The algorithms analyze the candidates ’responses to determine personality traits. MyInterview also compiles scores that indicate how well a candidate corresponds to the characteristics identified by hiring managers as ideal for the position.
To complete our tests, we first installed the software. We have uploaded a fake job post for an office administrator / researcher both in MyInterview and in Curious Thing. We then built our ideal candidate by choosing personality-related traits when ordered by the system.

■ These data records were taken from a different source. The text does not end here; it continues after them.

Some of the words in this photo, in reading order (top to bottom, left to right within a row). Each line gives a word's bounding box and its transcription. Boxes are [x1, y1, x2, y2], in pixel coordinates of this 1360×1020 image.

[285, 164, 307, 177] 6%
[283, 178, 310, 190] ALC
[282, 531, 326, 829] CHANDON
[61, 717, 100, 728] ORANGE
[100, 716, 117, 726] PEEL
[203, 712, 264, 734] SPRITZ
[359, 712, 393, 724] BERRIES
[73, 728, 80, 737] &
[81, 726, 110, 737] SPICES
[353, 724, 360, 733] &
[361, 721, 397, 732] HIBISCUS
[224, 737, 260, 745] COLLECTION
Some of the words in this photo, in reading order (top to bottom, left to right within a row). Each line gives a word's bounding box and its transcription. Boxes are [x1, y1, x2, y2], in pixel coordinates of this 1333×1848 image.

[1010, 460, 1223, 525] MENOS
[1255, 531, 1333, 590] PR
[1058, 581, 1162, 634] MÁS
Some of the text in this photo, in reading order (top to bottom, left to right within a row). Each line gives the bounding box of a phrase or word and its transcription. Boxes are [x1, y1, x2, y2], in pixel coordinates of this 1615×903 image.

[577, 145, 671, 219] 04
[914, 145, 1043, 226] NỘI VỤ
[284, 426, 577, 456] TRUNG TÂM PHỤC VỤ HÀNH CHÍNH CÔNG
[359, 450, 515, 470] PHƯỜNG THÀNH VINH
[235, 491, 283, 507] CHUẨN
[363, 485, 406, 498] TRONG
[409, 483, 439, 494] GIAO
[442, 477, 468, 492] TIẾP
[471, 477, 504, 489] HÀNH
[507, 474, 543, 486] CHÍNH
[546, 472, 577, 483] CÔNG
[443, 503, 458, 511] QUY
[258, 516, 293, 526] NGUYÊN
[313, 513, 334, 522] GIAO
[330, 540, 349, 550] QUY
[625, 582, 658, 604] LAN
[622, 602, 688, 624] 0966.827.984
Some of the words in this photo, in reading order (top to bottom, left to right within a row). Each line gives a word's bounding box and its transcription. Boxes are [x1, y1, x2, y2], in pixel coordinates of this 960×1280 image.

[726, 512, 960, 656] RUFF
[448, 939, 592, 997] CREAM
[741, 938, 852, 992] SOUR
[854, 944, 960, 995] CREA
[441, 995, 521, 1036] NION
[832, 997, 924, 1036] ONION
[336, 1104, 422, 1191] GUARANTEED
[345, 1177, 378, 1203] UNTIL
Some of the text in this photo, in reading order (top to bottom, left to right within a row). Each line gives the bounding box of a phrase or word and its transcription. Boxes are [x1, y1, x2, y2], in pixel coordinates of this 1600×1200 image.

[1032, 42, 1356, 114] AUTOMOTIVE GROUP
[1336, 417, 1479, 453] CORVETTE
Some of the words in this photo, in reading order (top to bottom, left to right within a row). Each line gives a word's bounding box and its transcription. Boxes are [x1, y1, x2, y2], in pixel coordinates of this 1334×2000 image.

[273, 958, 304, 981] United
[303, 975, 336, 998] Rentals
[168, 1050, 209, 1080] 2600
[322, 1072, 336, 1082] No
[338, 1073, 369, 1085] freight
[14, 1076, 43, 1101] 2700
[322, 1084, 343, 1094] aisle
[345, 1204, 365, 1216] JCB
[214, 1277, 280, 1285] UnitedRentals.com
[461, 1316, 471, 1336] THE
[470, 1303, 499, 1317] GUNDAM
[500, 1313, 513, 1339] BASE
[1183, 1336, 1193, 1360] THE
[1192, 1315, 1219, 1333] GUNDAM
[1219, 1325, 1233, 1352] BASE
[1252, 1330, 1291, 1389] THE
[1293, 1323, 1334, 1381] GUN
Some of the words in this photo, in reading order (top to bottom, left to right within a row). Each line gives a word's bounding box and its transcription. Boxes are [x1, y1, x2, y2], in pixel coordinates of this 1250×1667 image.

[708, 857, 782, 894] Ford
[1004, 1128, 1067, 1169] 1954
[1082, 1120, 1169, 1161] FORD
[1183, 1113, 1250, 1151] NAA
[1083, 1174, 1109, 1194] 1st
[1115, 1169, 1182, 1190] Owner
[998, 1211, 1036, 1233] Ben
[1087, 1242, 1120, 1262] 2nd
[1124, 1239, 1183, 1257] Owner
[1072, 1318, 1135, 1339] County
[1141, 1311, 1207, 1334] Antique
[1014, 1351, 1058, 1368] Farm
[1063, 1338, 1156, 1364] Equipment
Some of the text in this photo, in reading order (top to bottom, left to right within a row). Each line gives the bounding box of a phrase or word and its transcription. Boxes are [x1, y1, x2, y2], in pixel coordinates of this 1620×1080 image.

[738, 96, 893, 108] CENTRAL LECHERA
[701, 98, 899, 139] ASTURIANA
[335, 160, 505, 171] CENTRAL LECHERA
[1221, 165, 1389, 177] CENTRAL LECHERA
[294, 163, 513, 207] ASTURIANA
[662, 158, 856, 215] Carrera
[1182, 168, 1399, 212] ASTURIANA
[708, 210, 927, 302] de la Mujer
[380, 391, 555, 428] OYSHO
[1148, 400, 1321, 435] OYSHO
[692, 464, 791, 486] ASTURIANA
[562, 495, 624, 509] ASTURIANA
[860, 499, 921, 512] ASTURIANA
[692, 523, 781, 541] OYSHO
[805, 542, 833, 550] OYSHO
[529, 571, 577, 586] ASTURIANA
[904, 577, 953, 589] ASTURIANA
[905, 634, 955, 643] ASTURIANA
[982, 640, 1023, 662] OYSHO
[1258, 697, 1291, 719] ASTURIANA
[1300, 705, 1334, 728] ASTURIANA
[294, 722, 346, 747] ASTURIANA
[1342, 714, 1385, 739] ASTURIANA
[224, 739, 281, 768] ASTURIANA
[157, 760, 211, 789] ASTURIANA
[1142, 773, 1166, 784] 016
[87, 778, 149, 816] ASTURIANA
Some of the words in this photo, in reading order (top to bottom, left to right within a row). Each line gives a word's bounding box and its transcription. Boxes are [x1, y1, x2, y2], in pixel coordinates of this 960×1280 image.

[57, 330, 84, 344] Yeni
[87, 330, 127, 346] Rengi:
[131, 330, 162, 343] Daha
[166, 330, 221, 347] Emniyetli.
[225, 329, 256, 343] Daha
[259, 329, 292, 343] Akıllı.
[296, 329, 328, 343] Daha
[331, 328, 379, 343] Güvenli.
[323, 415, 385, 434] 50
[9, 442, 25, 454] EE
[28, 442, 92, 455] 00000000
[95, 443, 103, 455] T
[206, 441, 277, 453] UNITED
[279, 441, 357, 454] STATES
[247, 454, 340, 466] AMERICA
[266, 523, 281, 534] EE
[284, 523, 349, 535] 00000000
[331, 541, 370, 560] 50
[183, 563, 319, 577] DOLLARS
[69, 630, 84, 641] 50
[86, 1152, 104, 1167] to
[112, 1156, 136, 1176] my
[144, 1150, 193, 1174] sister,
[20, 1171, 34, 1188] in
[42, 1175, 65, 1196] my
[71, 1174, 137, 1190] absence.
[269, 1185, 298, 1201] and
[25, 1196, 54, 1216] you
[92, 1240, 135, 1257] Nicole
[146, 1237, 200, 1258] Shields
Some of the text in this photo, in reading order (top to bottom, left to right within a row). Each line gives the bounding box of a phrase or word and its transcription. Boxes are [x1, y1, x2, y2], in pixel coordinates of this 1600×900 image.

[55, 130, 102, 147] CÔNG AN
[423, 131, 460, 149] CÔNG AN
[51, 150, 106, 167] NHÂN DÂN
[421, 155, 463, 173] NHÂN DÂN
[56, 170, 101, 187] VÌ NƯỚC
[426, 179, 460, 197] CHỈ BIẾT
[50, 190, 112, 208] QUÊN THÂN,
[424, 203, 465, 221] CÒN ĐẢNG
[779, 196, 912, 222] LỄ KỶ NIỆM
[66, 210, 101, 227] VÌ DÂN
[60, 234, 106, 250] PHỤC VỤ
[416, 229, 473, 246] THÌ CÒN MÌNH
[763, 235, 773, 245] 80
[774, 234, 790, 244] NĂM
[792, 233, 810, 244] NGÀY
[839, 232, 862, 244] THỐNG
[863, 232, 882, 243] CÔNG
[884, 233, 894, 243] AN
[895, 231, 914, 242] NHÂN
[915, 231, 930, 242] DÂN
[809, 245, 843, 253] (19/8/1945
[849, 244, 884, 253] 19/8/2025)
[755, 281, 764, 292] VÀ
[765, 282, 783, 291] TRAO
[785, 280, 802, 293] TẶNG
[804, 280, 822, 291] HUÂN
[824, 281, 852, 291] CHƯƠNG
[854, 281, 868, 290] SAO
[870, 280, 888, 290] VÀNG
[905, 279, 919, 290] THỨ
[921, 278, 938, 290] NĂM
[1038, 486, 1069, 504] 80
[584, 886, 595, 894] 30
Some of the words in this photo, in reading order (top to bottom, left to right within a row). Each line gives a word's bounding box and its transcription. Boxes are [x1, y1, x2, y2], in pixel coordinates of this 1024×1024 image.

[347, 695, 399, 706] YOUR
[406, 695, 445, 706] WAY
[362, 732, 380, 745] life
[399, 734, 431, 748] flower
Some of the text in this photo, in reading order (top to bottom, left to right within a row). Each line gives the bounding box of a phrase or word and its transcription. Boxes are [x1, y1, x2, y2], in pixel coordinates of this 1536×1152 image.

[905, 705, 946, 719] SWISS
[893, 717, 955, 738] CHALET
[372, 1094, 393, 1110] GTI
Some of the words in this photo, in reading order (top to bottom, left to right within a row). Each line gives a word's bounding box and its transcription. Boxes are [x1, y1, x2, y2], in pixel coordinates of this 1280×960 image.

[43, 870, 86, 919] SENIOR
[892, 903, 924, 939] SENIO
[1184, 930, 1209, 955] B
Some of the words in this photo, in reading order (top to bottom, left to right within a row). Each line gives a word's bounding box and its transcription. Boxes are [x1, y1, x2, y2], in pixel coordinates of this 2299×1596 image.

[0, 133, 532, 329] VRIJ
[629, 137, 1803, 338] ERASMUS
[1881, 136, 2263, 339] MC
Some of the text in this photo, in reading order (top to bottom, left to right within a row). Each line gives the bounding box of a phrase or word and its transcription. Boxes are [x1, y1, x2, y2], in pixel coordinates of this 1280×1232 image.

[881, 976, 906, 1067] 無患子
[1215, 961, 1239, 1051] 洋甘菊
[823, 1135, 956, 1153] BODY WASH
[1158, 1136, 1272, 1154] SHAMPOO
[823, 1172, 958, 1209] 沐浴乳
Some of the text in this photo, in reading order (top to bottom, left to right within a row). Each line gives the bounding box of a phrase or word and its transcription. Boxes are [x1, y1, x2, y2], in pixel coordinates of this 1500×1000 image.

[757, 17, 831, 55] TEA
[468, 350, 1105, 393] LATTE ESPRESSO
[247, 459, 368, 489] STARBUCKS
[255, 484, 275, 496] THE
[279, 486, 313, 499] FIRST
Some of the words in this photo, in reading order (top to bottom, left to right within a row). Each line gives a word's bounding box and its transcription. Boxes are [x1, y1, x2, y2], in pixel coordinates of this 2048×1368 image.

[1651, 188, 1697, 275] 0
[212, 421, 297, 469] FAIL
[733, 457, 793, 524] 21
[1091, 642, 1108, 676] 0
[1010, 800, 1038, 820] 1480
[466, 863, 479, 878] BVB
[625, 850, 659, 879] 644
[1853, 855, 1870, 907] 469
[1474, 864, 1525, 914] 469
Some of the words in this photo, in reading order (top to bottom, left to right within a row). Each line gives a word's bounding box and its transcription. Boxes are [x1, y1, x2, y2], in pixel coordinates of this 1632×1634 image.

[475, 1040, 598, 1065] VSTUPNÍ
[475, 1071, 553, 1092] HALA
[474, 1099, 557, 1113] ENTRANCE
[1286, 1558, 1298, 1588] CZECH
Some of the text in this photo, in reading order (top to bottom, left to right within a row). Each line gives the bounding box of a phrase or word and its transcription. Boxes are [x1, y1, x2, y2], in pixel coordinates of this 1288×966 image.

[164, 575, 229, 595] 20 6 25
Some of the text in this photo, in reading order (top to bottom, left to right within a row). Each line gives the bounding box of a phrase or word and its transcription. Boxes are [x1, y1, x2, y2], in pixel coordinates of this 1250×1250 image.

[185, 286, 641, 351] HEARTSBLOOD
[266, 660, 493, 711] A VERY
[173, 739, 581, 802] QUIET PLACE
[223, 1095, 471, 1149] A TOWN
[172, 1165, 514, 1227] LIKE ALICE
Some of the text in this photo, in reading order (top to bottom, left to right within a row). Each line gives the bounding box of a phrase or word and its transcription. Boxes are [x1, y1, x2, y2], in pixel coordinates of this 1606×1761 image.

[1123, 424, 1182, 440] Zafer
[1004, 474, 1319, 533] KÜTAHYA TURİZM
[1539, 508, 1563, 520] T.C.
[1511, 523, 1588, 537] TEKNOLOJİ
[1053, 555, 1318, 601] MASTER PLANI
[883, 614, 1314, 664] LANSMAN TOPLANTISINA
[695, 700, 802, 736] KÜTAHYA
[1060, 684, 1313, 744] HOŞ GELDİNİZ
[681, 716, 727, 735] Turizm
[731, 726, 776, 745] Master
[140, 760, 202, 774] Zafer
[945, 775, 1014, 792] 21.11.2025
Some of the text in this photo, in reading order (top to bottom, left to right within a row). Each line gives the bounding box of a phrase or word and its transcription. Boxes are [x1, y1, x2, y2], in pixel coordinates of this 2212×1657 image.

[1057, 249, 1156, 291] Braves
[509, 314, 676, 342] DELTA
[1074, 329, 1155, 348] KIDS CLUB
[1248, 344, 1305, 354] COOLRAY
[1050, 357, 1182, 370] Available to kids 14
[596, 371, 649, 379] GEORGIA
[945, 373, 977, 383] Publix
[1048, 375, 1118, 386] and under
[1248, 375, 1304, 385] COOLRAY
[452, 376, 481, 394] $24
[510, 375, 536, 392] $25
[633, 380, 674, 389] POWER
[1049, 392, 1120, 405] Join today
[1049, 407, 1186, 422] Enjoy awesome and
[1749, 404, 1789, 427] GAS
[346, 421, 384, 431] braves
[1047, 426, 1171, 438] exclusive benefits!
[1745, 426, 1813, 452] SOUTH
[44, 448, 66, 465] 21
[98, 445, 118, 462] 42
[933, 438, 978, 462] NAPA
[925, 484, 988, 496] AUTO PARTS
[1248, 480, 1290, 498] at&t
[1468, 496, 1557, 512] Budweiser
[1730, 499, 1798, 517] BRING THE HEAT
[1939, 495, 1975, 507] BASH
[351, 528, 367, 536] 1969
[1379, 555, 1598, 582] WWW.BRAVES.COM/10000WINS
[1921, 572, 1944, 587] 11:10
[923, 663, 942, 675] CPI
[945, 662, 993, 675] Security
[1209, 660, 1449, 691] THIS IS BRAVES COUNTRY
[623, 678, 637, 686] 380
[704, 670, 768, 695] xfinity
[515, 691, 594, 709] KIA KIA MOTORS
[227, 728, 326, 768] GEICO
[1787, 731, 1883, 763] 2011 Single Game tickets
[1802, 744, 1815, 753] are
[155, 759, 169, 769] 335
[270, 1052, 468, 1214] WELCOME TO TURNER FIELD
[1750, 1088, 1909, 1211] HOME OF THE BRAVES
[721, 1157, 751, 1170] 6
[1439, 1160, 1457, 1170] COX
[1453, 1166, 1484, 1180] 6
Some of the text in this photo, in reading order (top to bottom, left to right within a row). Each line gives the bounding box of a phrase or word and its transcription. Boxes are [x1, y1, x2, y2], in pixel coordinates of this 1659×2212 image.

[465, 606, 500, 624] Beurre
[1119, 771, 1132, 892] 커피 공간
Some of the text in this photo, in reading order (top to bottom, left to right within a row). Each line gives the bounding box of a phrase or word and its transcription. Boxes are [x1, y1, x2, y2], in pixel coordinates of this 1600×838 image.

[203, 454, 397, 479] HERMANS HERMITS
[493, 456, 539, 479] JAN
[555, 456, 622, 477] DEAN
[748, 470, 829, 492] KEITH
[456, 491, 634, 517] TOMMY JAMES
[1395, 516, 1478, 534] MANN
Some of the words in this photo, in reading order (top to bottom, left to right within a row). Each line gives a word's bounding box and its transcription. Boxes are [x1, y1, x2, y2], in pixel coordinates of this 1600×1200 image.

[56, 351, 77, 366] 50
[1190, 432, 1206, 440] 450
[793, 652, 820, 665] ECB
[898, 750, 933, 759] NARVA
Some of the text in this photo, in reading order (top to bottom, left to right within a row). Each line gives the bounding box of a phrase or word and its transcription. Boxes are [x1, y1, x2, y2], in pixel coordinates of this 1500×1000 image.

In MyInterview, we selected features such as attention to detail and ranked them according to their level of importance. We also selected interview questions, which are displayed on the screen while the candidate records video responses. In Curious Thing, we selected features such as humility, adaptability and resilience.
One of us, Hilke, then applied for the position and completed interviews for the role in MyInterview and Curious Thing.
Our candidate completed a telephone interview with Curious Thing. He first did a regular job interview and received an 8.5 out of 9 for English competence. In a second test, the automated interviewer asked the same questions, and answered each by reading Wikipedia’s voice for psychometry in German.
Yet Curious Thing gave him a 6 out of 9 for English competence. He completed the interview again and received the same score.
Our candidate turned to MyInterview and repeated the experiment. He read the same Wikipedia voice aloud in German. The algorithm not only delayed a personality assessment, but also predicted that our candidate would be a 73% match for the fake job, putting her in the top half of all the candidates we had asked to run.